Long time listener, first time caller (commenter)... thanks for writing this! I am a digital subscriber to the NYT and I had not seen or heard about the piece (clearly I am insufficiently active on social media). I agree with you on the failed juxtaposition of "cancel culture" and active legislative attempts to invalidate and criminalize speech, but I'm in more violent agreement with the revelation (which should not be revelatory to the NYT editorial board) that free speech is not now (nor has it ever been) free of social consequences. Ever since I found my voice I have always been an outspoken person and I have taken a ton of grief for it over the years. In other words, I've never operated under the notion that the constitution should protect me from the fallout of my words.
Also, my grandma never told me that bull$h!t about not saying something nice, either. They were two peas in a pod those two...
Finding my voice (and knowing what I thought or felt about some topic) was a huge part of my development into being a grownup. Feeling shame and doing better was too. Thank you for more clearly saying this than most everyone else I read online.
Right, and sometimes that discussion sheds light on the fact that those values are NOT shared, and then the community sets about adjudicating what those values should be and/or whether they can be shared. What is called "cancel culture" so often has to do with people holding different understandings of what they think those shared values should be and then responding vehemently when someone else expresses an opinion in that betrays a different understanding of the value.
The GOP legislative efforts to limit the speech activity of public servants is the result of a lawful political process. (Public employees do not have 1a rights at work, see Garcetti.) The remedy to legislative overreach could not be clearer: elect different representatives who will pass better laws.

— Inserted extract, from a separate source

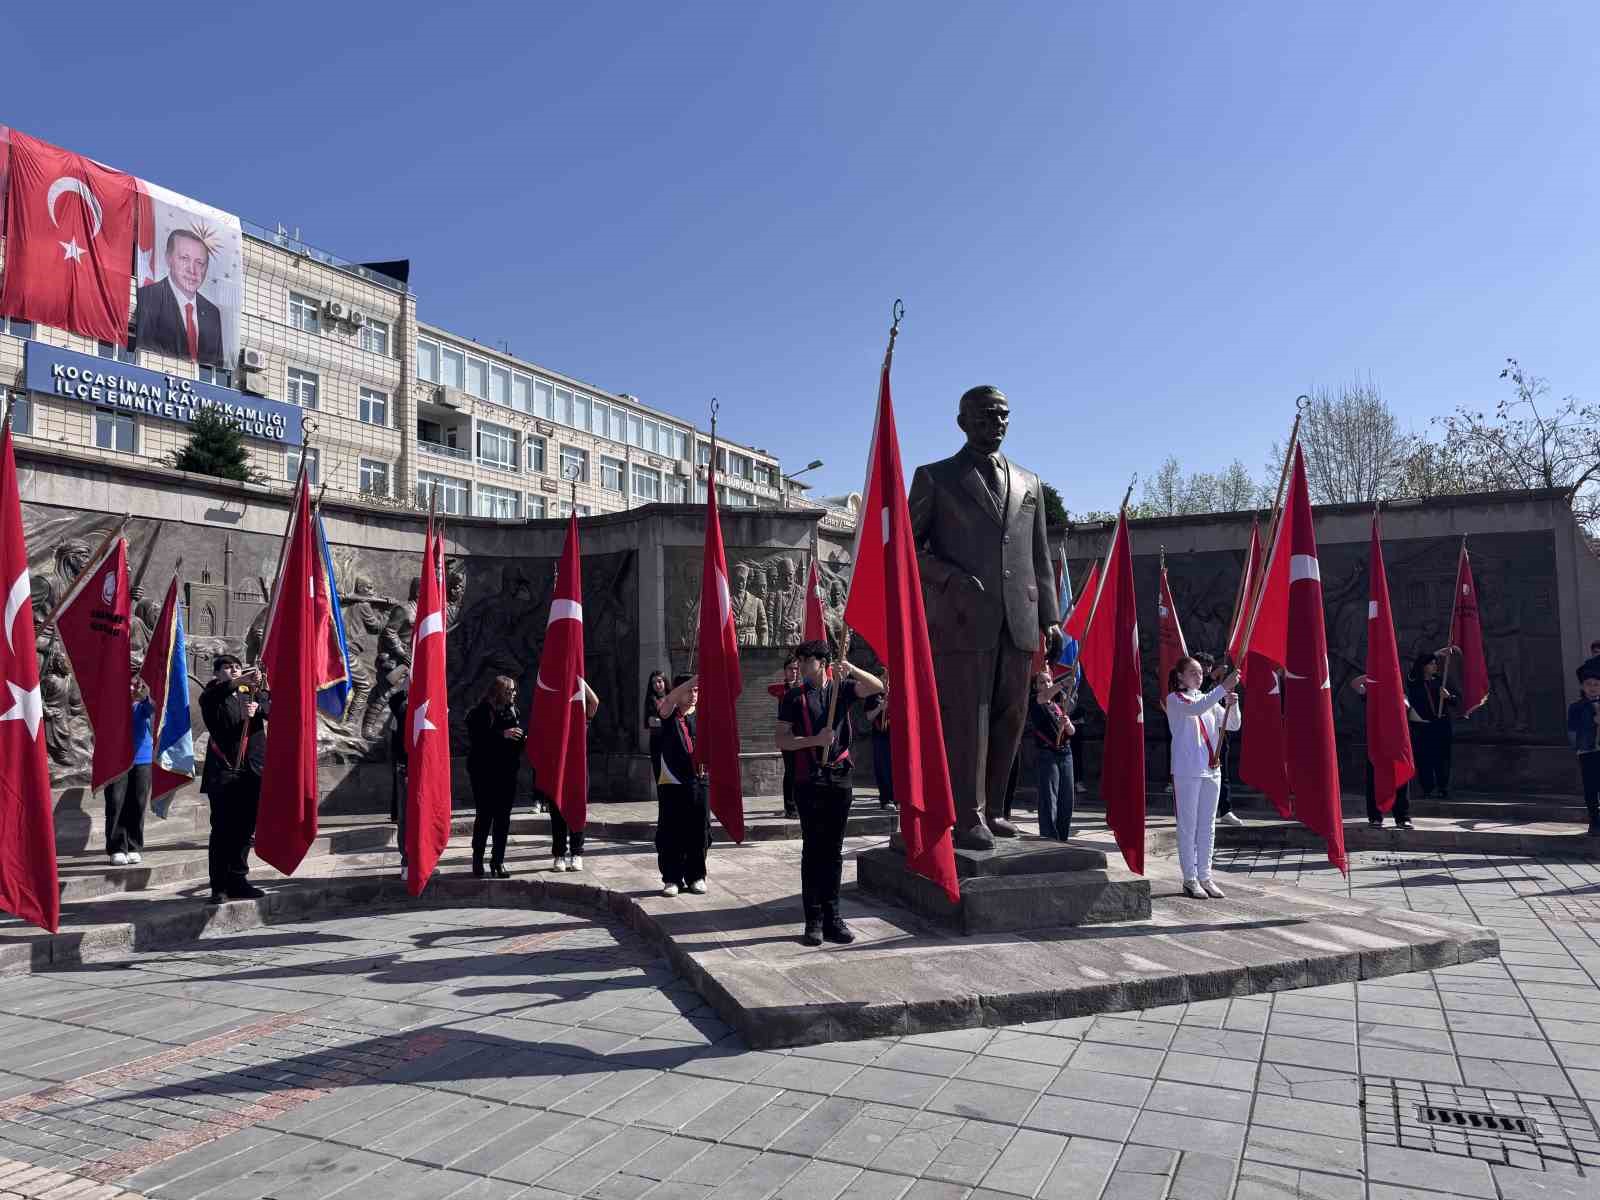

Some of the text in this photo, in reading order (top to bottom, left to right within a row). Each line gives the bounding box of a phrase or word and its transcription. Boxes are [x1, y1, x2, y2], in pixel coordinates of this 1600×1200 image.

The policies might be wrong, but we have a set of rules so we can change them.
The corporate infringement upon political expression is much more pernicious because there is not a political remedy. If Amazon, or Haliburton, or Yale decide that certain political expressions are disqualifying for anyone who wishes to work for them, they are not violating anyone's 1a rights, but they are infringing upon the political sphere in ways that are difficult to undo. We can't easily undo them because we can't vote out the board at Amazon, or Haliburton, or Yale Law.

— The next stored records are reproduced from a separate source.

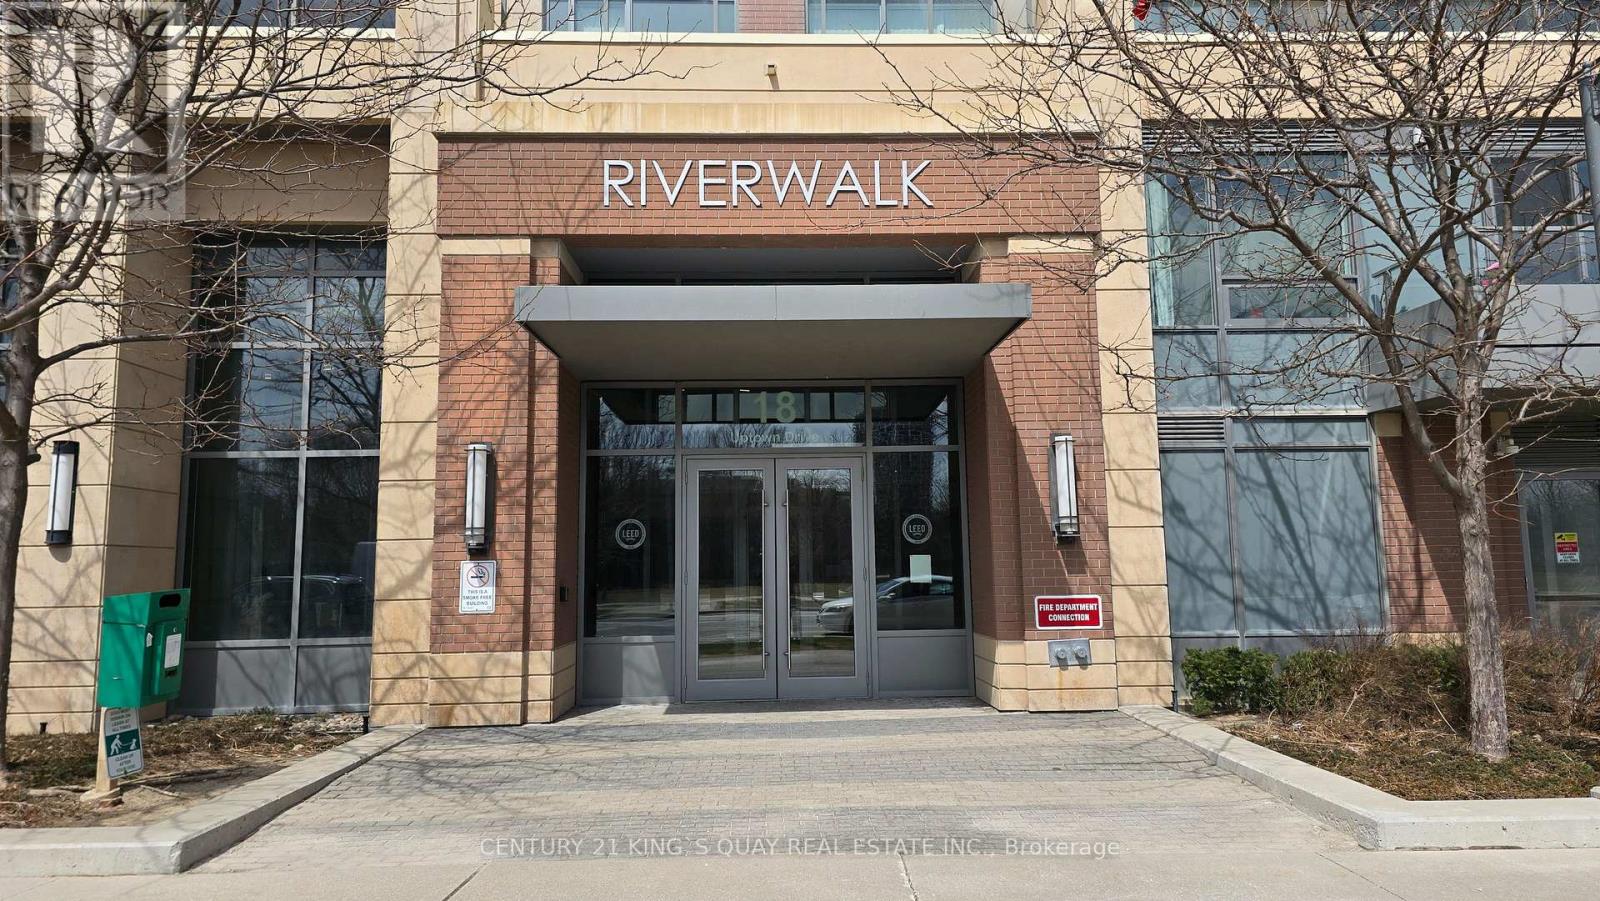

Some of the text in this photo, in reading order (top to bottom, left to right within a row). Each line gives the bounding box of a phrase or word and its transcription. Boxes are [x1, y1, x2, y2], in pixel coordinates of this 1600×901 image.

[602, 159, 934, 207] RIVERWALK
[754, 391, 796, 423] 18
[731, 431, 781, 444] Uptown
[622, 529, 640, 538] LEED
[909, 525, 926, 533] LEED
[1039, 603, 1098, 612] FIRE DEPARTMENT
[1048, 613, 1090, 622] CONNECTION

And sure, companies have always tried to use their power over employees to serve their political interest. The difference is that, during the GWB administration, when companies were pressuring employees to donate to, and support political candidates favorable to those industries, we on the left objected to threatening employees' livelihoods to compel political cooperation against their own interests.
If you think that you are simultaneously expressing the muffled voice of the unheard and getting Ivy League universities and Fortune 100 companies to enforce your opinions through threats to the livelihoods of the wage slaves that work for them, perhaps it is time to reassess.
The labor rights movement is full of efforts to extend free speech protections to insulate employees from employers. That the new left sees this corporate power as a new tool for social engineering and not a threat to our political sphere is a truly sad development.
Thanks for reading, and thanks for your thoughtful comment.
I think our discussions here — and the Times editorial that prompted it — come down to a difference in what we're talking about when we talk about cancel culture.
You're right that, ostensibly, a different legislature might eventually be able to overturn these restrictive policies. And I absolutely support labor efforts to extend free speech protections for employees — including, yes, the cringey librarian-rapper at Smith College. What I'm protesting is the equivalence. The idea that public shaming or shunning based on opinion is the same as workplace retaliation or banning certain titles from public libraries or certain topics from the mouths of schoolteachers.
Boycotting, shaming, and shunning are also exercises of free expression.
Thank you very much for your thoughtful comment. I think we actually agree or very close to it. I don't think there is any symmetry between government policies and social/corporate practices, and strong disagreement, but perhaps for slightly different reasons.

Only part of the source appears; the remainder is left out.